Stuttgart-Weilimdorf, Haltestelle Rastatter Straße: Die verspielten Gestänge wurden vielleicht inspiriert von der barocken Dekorfreude der nahen Solitude (Bild: Landesamt für Denkmalpflege im Regierungspräsidium Stuttgart, Imre Boros, 2023)
HALTESTELLEN: 1) Pragsattel, 2) Rastatter Straße; 3) Waldau
LAGE: 1) 70191 Stuttgart-Nord; 2) 70499 Stuttgart-Weilimdorf; 3) 70597 Stuttgart-Waldau
BAUZEITEN: 1) 1990; 2) 1992; 3) 1998
MITWIRKENDE: 1) Siedler & Fränkel; Miller (Gartenarchitektur); 2) Jürgen Zeeb; 3) Roland Unold; Schlaich, Bergermann und Partner (Jörg Schlaich, Andreas Keil); Siegfried Groß (Sportmotive)
Mintgrüne Tragwerke, verspielte Rankhilfen und textile Segeldächer: Drei Stationen der Stuttgarter Stadtbahn lesen sich wie ein Schnellkurs in 1990er-Jahre-Architektur. In gekonntem Bogen (und ganz in der Ingenieurbautradition des Ländles) führen die Haltepunkte „Pragsattel“, „Rastatter Straße“ und „Waldau“ von den postmodernen Projekten der IGA 93 bis zur aufscheinenden Klarheit der Jahrtausendwende. Für die Denkmalpflege, die den Stationen 2023 den Schutzstatus zuerkannt hat, verkörpern sie auch die „Umstellung auf Normalspur, den Bau zahlreicher Tunnelstrecken und die Expansion ins Umland“ (Landeskonservator Martin Hahn).

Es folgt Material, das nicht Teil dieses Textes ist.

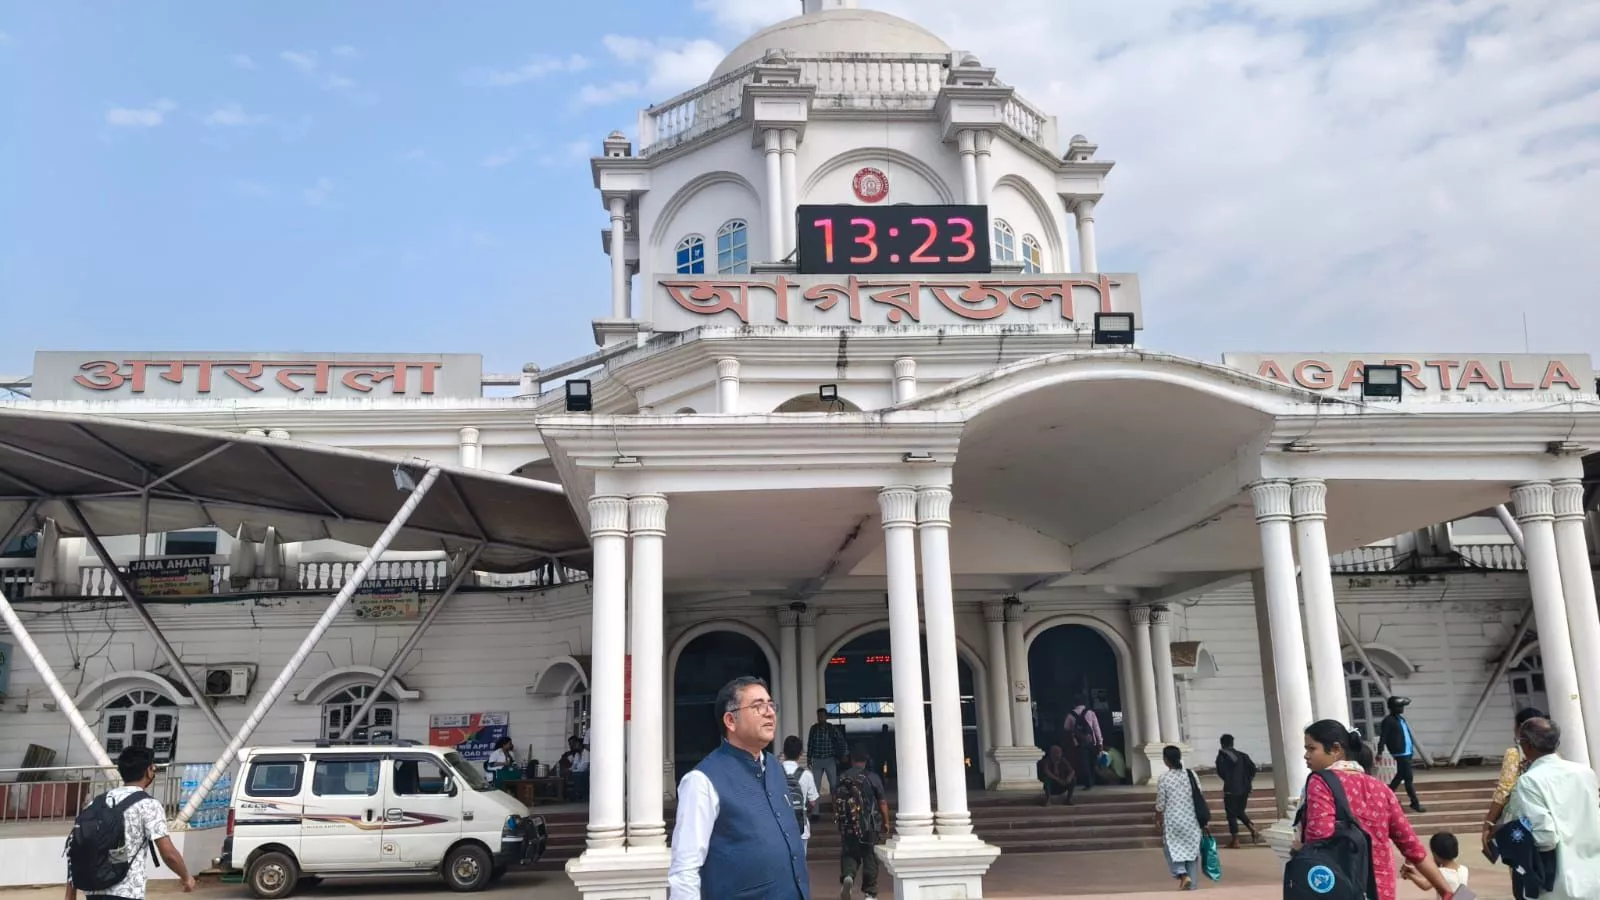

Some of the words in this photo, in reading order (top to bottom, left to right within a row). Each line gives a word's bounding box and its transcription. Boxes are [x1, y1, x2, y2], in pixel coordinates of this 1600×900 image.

[813, 217, 976, 264] 13:23
[658, 274, 1121, 324] আগরতলা
[73, 360, 442, 394] अगरतला
[1257, 359, 1581, 390] AGARTALA
[131, 560, 164, 571] JANA
[166, 558, 208, 569] AHAAR
[385, 578, 416, 588] AHAAR
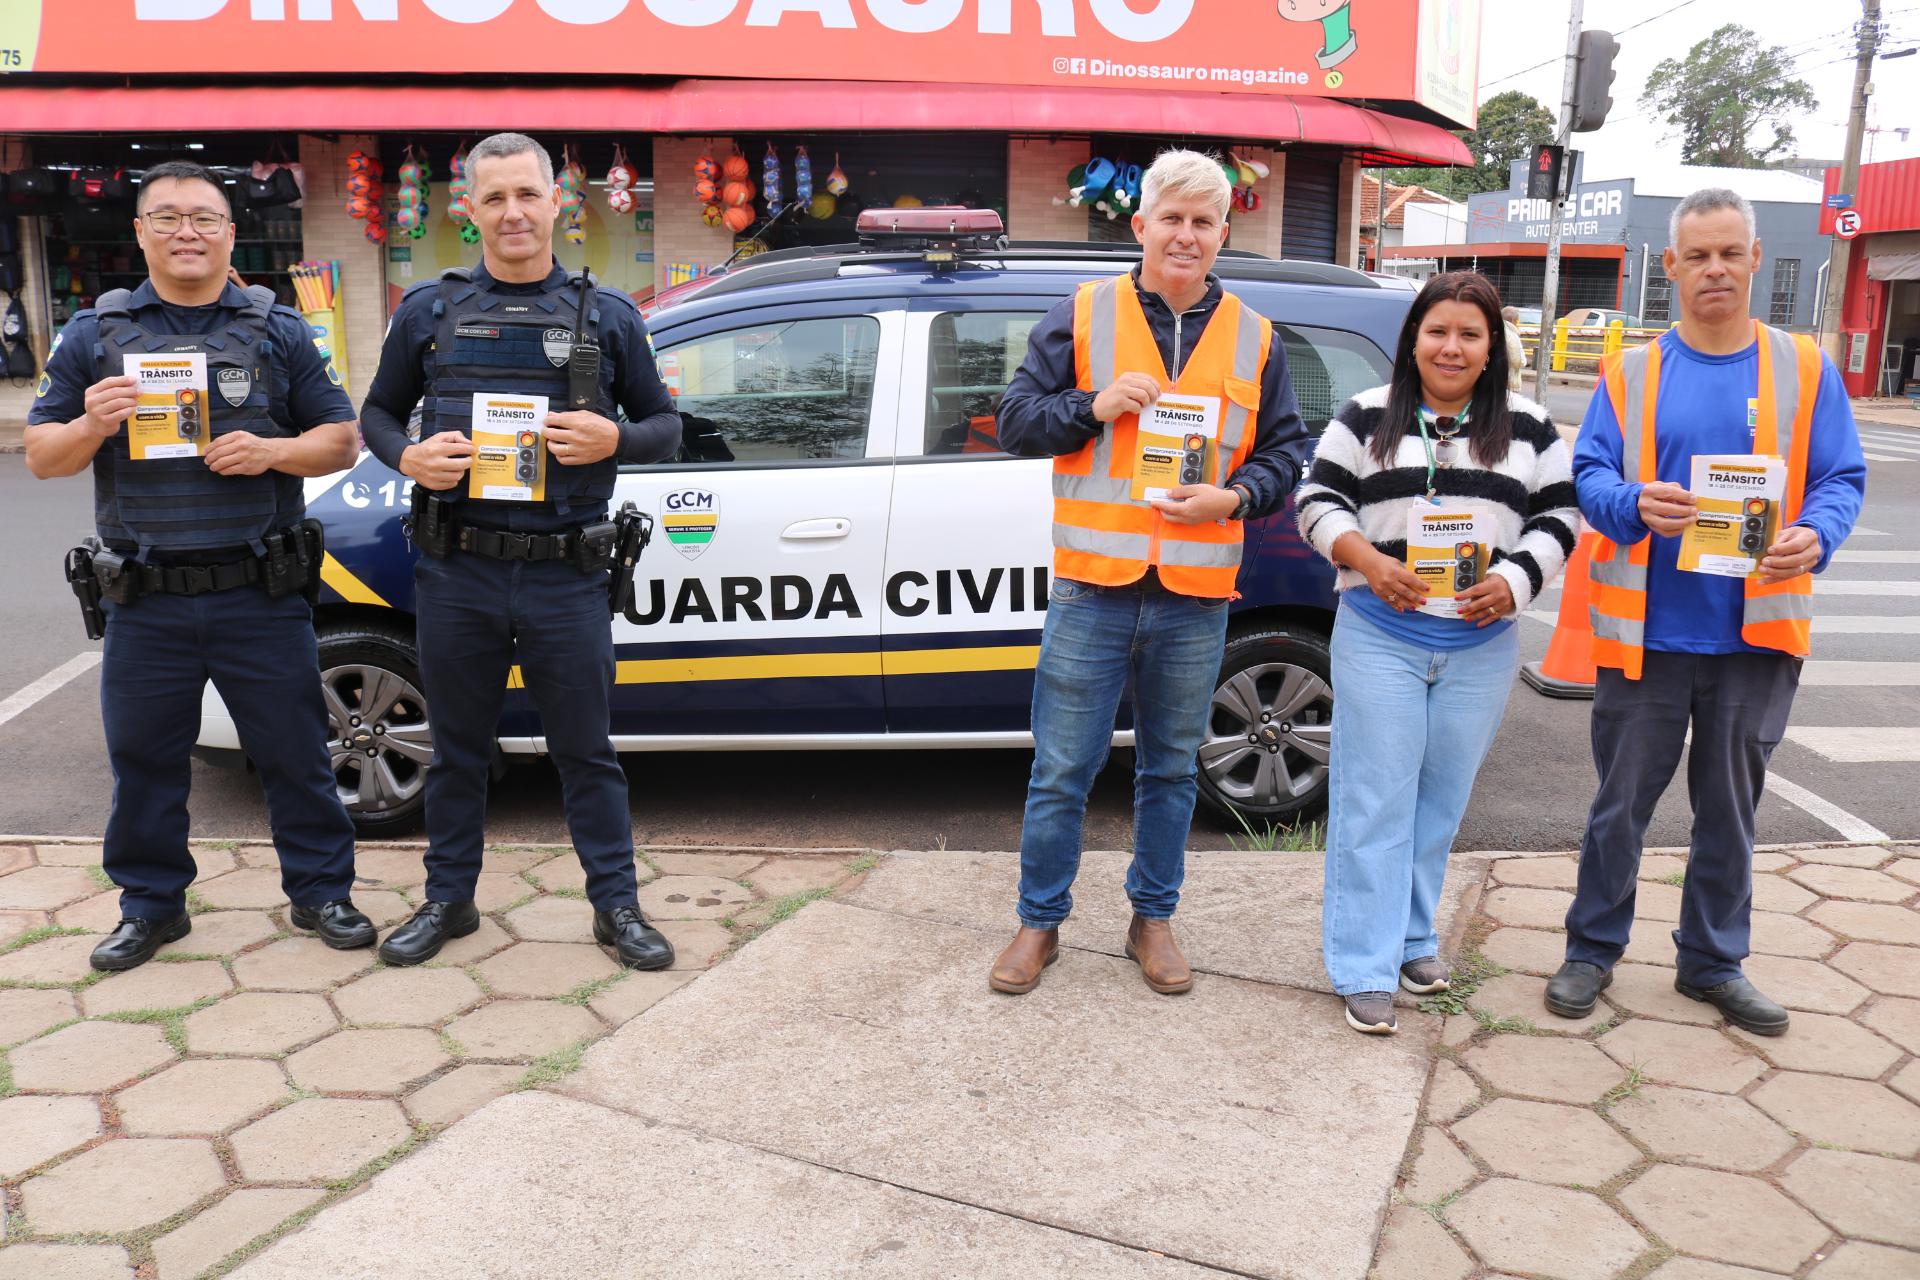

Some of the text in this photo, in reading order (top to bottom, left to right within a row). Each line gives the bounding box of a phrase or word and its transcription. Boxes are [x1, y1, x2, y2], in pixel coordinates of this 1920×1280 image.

Stuttgart, Haltestelle Pragsattel: Der Mittelbahnsteig ermöglicht das Betreten und Verlassen der Waggons zu beiden Seiten (Bild: Landesamt für Denkmalpflege im Regierungspräsidium Stuttgart, Imre Boros, 2023)
1990: Pragsattel
Die Neugestaltung der Haltestelle Pragsattel, die sich im Norden der Stadt ab 1909 zum wichtigen Umsteigebahnhof gemausert hatte, konnte 1990 vom Stuttgarter Architekturbüro Siedler & Fränkel fertiggestellt werden. Heute präsentiert sich die Anlage als nach oben offene Tiefhaltestelle zwischen zwei Tunnelstrecken. Dieser innovative Entwurf war Teil des gestalterischen Wettbewerbs zur IGA 93: Mit dem sog. Grünen U wurden die Parks von Killesberg, Wartberg, Leibfriedschem Garten u. a. zu einem durchgehenden Konzept verbunden.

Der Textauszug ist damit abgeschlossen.